◆ **Required action**
With the pictures removed, write out the full listing below exactly.

--- Records shown ---

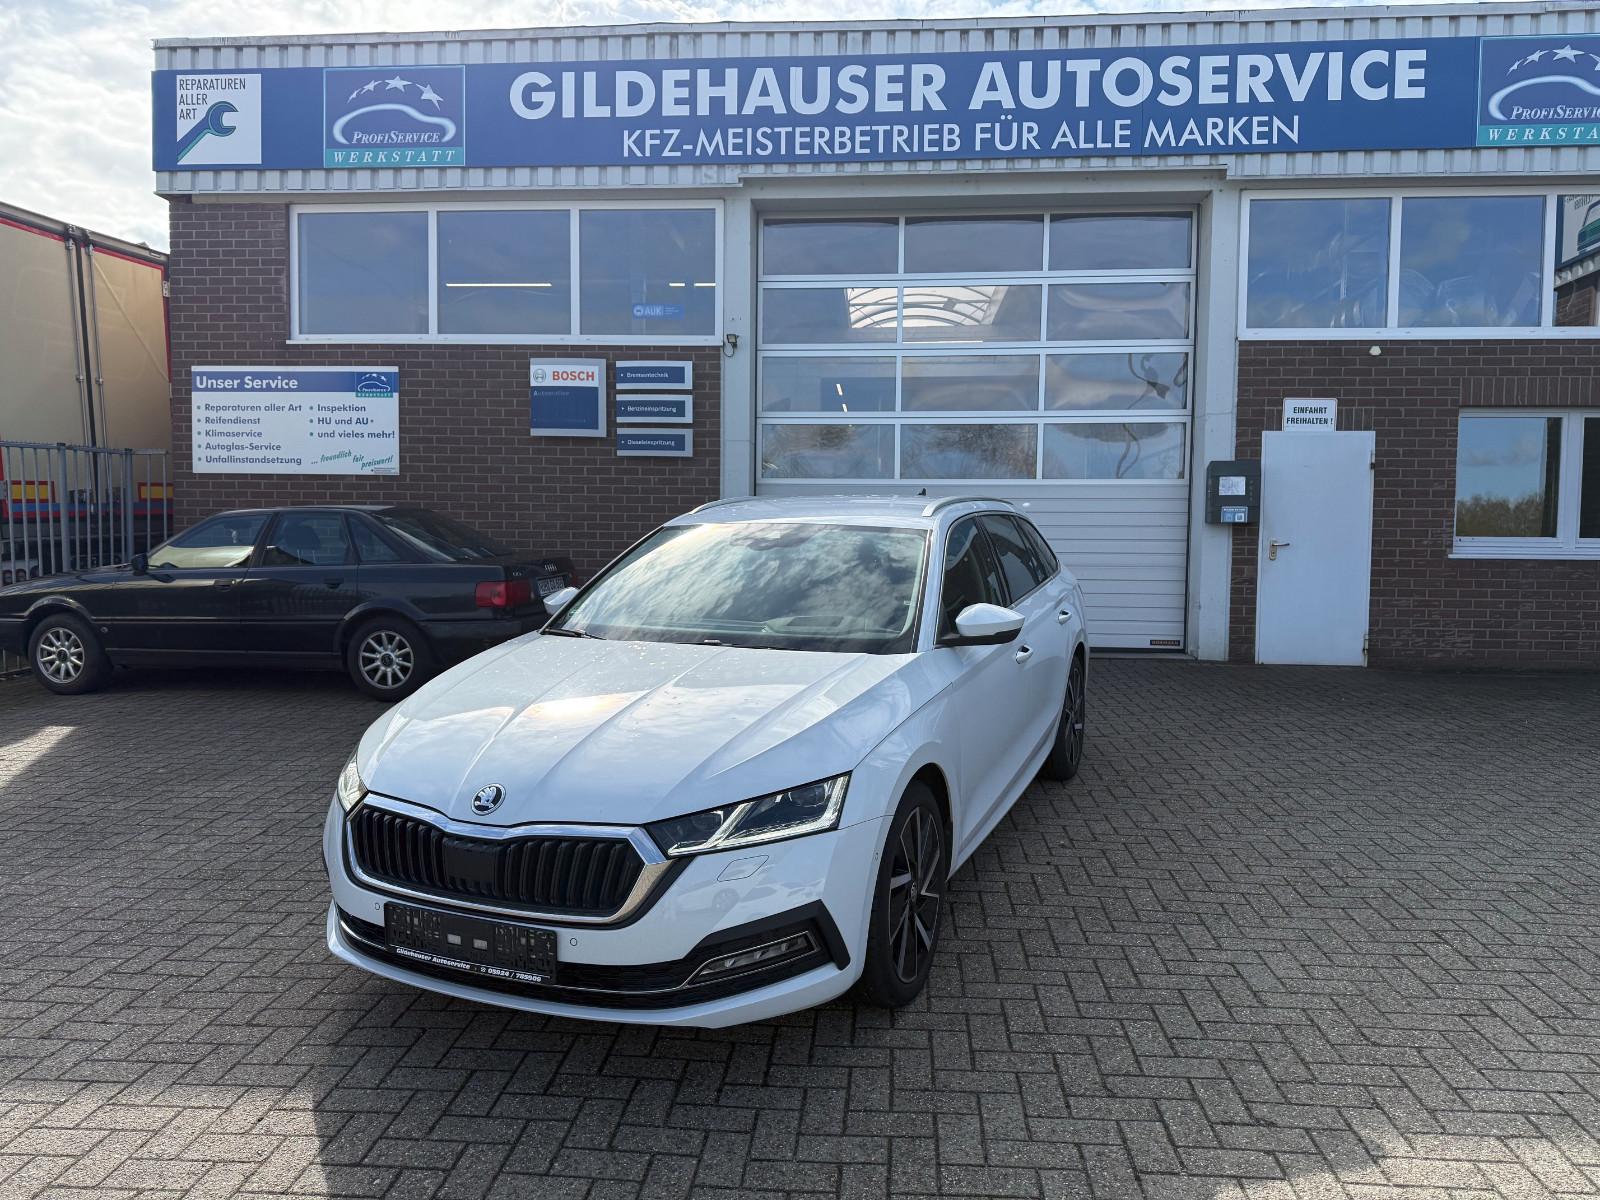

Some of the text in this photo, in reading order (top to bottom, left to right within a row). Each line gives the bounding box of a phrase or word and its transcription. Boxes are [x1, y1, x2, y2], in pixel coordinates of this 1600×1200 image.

[178, 77, 246, 91] REPARATUREN
[509, 49, 1427, 120] GILDEHAUSER AUTOSERVICE
[178, 93, 208, 106] ALLER
[178, 107, 198, 120] ART
[623, 114, 1299, 157] KFZ-MEISTERBETRIEB FÜR ALLE MARKEN
[333, 150, 456, 163] WERKSTATT
[552, 371, 595, 381] BOSCH
[196, 376, 298, 389] Unser Service
[204, 403, 302, 413] Reparaturen aller Art
[317, 404, 366, 413] Inspektion
[1293, 406, 1328, 414] EINFAHRT
[204, 416, 261, 425] Reifendienst
[317, 417, 369, 425] HU und AU
[1286, 417, 1329, 425] FREIHALTEN
[204, 429, 263, 438] Klimaservice
[317, 430, 396, 439] und vieles mehr!
[205, 442, 282, 451] Autoglas-Service
[205, 455, 302, 465] Unfallinstandsetzung
[320, 449, 352, 463] freundlich
[432, 957, 471, 970] Autoservice

---

◆ **Response**
Some of the text in this photo, in reading order (top to bottom, left to right within a row). Each line gives the bounding box of a phrase or word and its transcription. Boxes are [x1, y1, x2, y2], in pixel coordinates of this 1600×1200 image.

[178, 77, 246, 91] REPARATUREN
[509, 49, 1427, 120] GILDEHAUSER AUTOSERVICE
[178, 93, 208, 106] ALLER
[178, 107, 198, 120] ART
[623, 114, 1299, 157] KFZ-MEISTERBETRIEB FÜR ALLE MARKEN
[333, 150, 456, 163] WERKSTATT
[552, 371, 595, 381] BOSCH
[196, 376, 298, 389] Unser Service
[204, 403, 302, 413] Reparaturen aller Art
[317, 404, 366, 413] Inspektion
[1293, 406, 1328, 414] EINFAHRT
[204, 416, 261, 425] Reifendienst
[317, 417, 369, 425] HU und AU
[1286, 417, 1329, 425] FREIHALTEN
[204, 429, 263, 438] Klimaservice
[317, 430, 396, 439] und vieles mehr!
[205, 442, 282, 451] Autoglas-Service
[205, 455, 302, 465] Unfallinstandsetzung
[320, 449, 352, 463] freundlich
[432, 957, 471, 970] Autoservice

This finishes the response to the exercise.